Distributed controllers connected through the shared wireless communication network are necessary in designing distributed flocking control schemes for Networked multi-Unmanned Aircraft Systems (UAS). Network imperfections such as time delay, which has been considered as a challenging issue, commonly exists in the wireless network. Therefore, network imperfections should be taken into account in designing control algorithms for networked multi-UAS. Besides of network imperfections, the uncertainty from the complex environment and system dynamics is another critical challenge and cannot be ignored in advanced applicable control development.

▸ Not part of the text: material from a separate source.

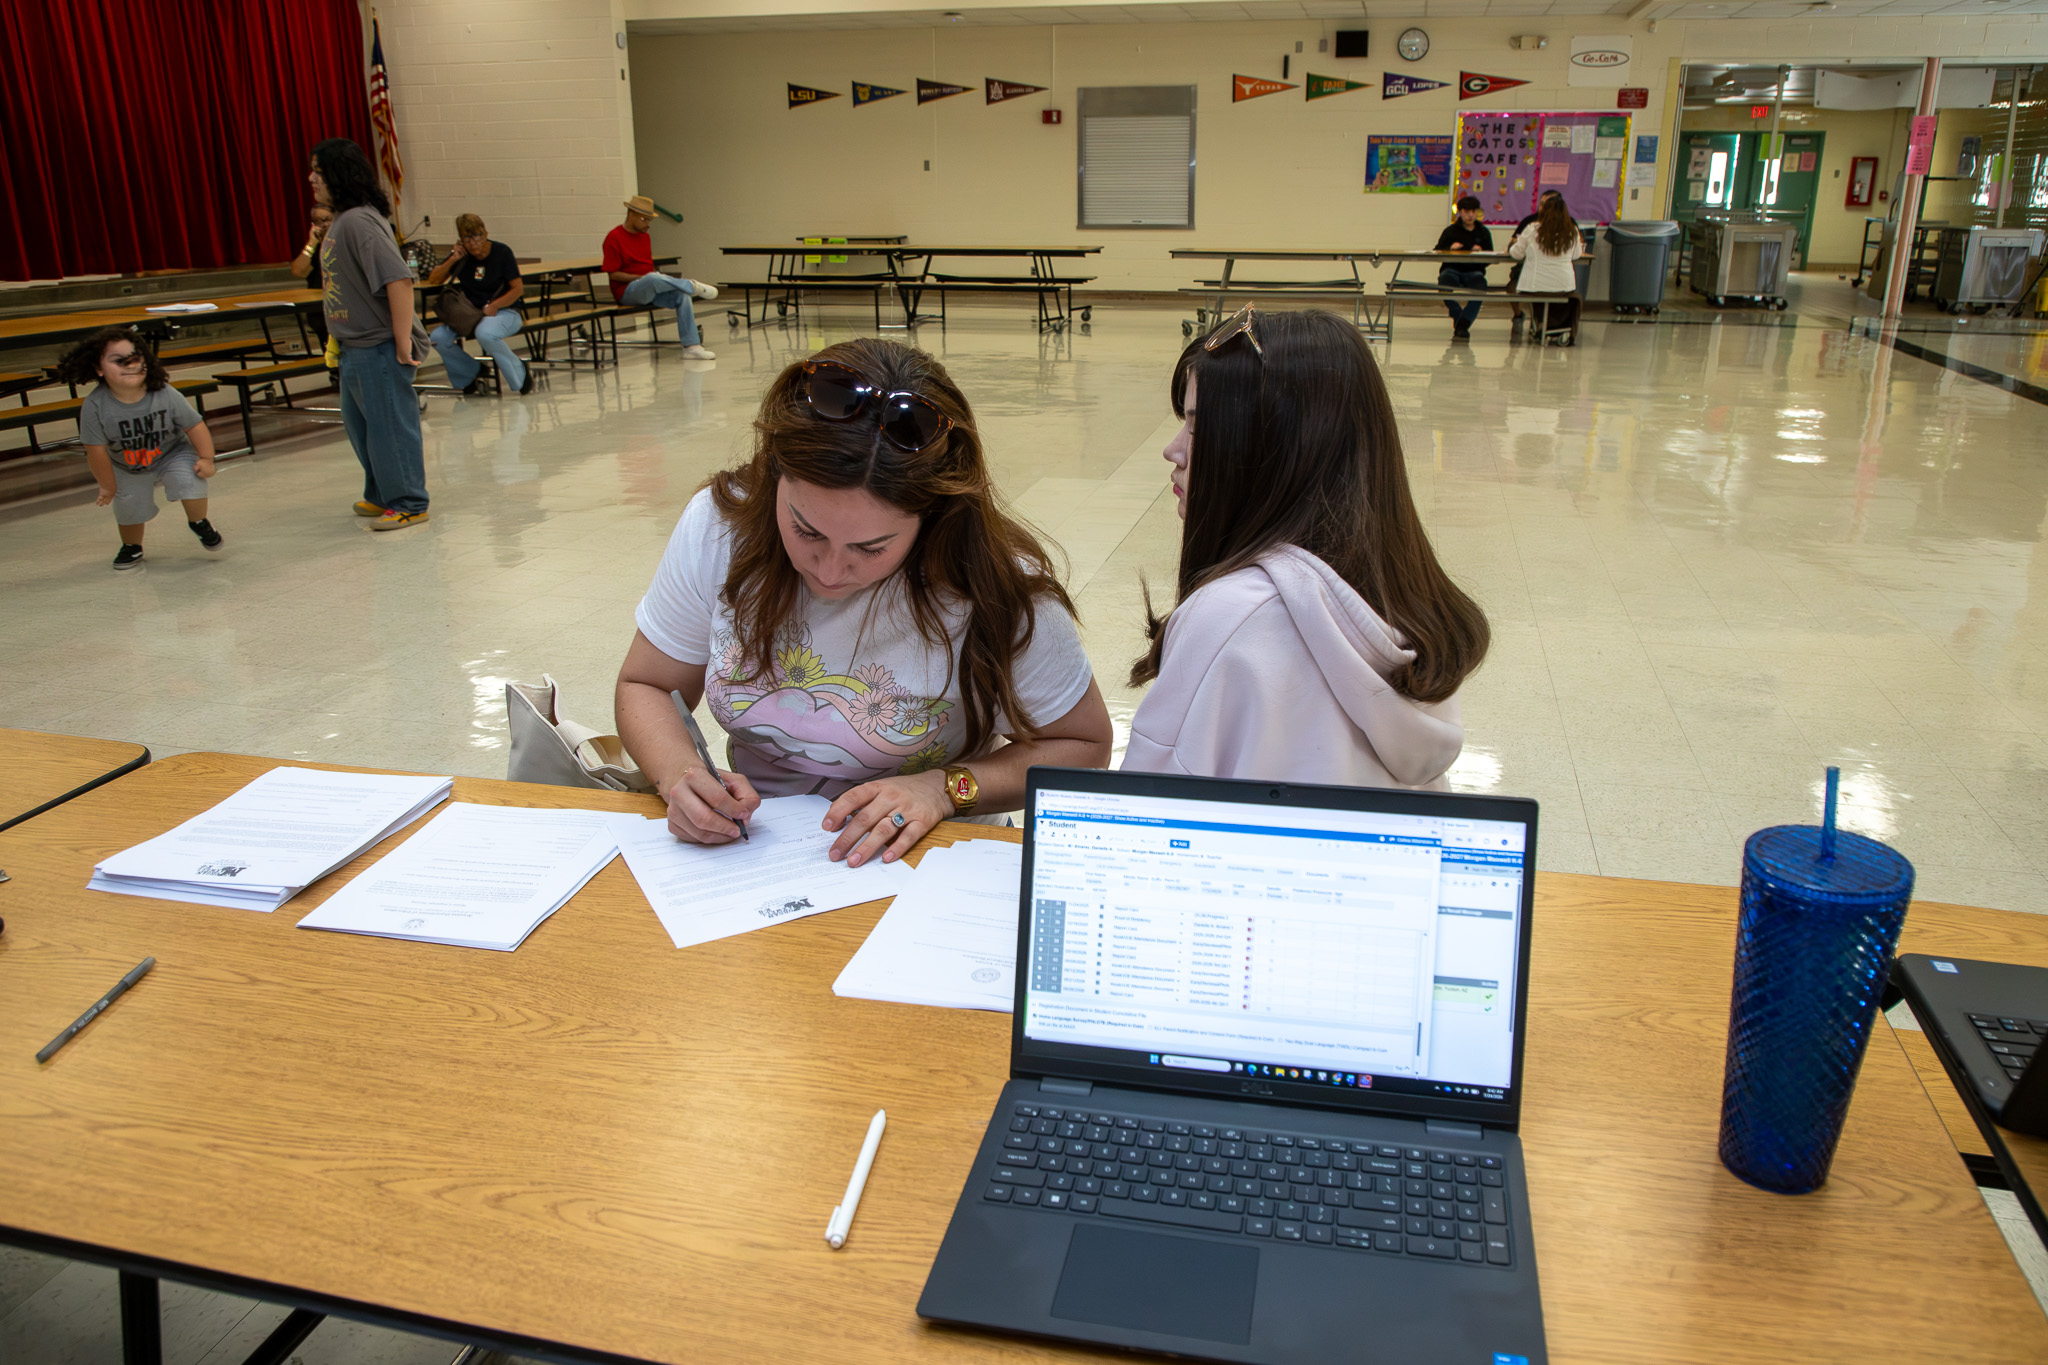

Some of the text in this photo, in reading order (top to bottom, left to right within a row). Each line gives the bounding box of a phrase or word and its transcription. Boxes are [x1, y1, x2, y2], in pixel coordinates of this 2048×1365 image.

In this paper, a biologically-inspired distributed intelligent control methodology is proposed to overcome the challenges, i.e., networked imperfections and uncertainty from environment and system, in networked multi-UAS flocking. Considering the limited computational ability in the practical onboard controller, the proposed method is adopted based on the emotional learning phenomenon in the mammalian limbic system. The learning capability and low computational complexity of the proposed technique makes it a propitious tool for implementing in real-time networked multi-UAS flocking considering the network imperfection and uncertainty from environment and system. Computer-based numerical results of the implementation of the proposed methodology demonstrate the effectiveness of this algorithm for distributed intelligent flocking control of networked multi-UAS.